I’ve seen and felt first-hand what can go down when the authorities feel entitled to do whatever they want to control people; when they are trigger happy, jumpy, and seem inexplicably invested in escalating a situation. Violence. I made it out with a tiny burning splotch on my face, Jack made it out with inflamed eyes full of tears. We were lucky, and privileged too. Bell’s friends made it out with 22 bullets in their bodies, but with their lives. Sean Bell was the one guy who didn’t.

I can only pray that the same escalation and readiness to start a fight doesn’t continue to infest the NYPD, who are out on the streets in New York today in force, just in case someone starts something over this injustice. Just in case “the radicals show up.”

Oh look, the radicals ARE going to show up — and peacefully, despite the assumptions of Police Commissioner Kelly. Are you in New York and want to join up? Here’s the information. Please come out if you can.

—-

JUSTICE FOR SEAN BELL AND ALL VICTIMS OF POLICE VIOLENCE!!
COME OUT TODAY! APRIL 25th – VOICE YOUR OUTRAGE!!

PEOPLES JUSTICE for Community Control and Police Accountability is calling for a rally and community speak-out in front of the Queens DA’s office TODAY at 5:30 pm @ the Queens DA’s Office
125-01 Queens Blvd. (between Hoover Ave & 82nd Ave.)
E or F train to Union Turnpike

In Nov. 2006, Sean Bell was murdered by the NYPD in a hail of 50 bullets. His friends – Trent Benefield and Joseph Guzman – were seriously injured. 3 of the officers involved were acquitted of all charges in a bold affront to the human rights of Sean Bell and all of us.

The NYPD’s murder of Bell and attempted murders of Benefield and Guzman are NOT isolated or random events. They represent the continued targeting of communities of color by the police and the lack of accountability for police misconduct and abuse.

Endorsers (list in formation):
Allianza Dominicana, Audre Lorde Project, Black Radical Congress-NY, CAAAV: Organizing Asian Communities, Center for Constitutional Rights, Congress for Korean Reunification, Critical Resistance, Desis Rising Up and Moving (DRUM), DJ Chela, Domestic Workers United (DWU), El Puente, FIERCE, Fr. Luis Barrios – St. Mary’s Episcopal Church (West Harlem, Manhattan), Free Mumia Abu-Jamal Coalition (NYC), Hasan Salaam, Hip Hop Caucus, Immigrant Justice Solidarity Project, Iglesia San Romero de Las Americas, International Action Center, Jews for Racial & Economic Justice (JFREJ), Justice Committee, Lynne Stewart Organization, Make the Road by Walking, Malcolm X Grassroots Movement, Mano a Mano, May 1st Coalition, National Hip Hop Political Convention, New Abolitionists, Nodutdol for Korean Community Development, October 22nd Coalition, Parents Against Police Brutality, Party for the People, Rebel Diaz, Regeneracion, Revolting in Pink (R.I.P), Rights for Imprisoned People with Psychiatric Disabilities (RIPPD), Sylvia Rivera Law Project, VAMOS Unidos, War Resisters League, Where We Live Radio Program/WBAI-FM NY.

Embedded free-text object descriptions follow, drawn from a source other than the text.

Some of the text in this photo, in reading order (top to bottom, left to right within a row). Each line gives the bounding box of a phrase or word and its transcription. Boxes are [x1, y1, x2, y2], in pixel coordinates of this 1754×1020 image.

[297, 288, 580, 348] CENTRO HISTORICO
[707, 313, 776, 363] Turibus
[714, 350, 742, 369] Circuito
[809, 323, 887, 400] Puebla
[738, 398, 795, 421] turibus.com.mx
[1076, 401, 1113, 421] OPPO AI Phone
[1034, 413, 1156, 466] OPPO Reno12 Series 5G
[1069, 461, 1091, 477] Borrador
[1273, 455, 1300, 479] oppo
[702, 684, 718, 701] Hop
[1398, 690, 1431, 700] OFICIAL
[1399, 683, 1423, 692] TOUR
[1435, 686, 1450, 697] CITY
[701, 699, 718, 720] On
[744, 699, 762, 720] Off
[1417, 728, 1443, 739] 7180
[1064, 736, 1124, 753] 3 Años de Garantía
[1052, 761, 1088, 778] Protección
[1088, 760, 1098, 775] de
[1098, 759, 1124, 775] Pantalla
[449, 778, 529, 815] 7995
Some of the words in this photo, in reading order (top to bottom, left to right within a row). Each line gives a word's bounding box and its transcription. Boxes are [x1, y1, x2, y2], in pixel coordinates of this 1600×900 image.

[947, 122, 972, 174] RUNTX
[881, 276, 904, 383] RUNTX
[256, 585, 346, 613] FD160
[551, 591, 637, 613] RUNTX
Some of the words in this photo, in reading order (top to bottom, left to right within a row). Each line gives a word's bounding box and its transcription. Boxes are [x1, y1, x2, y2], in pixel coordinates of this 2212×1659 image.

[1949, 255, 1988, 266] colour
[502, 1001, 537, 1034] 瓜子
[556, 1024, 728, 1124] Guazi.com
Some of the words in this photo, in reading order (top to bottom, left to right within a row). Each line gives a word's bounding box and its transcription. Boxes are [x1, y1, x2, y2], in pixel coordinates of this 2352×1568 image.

UPDATE: Jack has more on the fact that two of the acquitted officers are also black: “Two men of color acquitted, one dead,” as she puts it. Dianne aptly points out that racial profiling is at the heart of this, and littlem makes some important connections here in comments: when black people are portrayed as scary enemies of the white world, cops become more likely to shoot unarmed people — grandmothers, fathers, brothers, sons, girlfriends. (Thanks also to Grandpa Dinosaur for the video.) This is not “the cause” in a nutshell, in case anyone out there is spoiling for a straw-fight; but these things are absolutely connected. This is why challenging racist imagery is NOT just some kind of rhetorical game or political infighting — it’s far more important than any single magazine cover or book artwork.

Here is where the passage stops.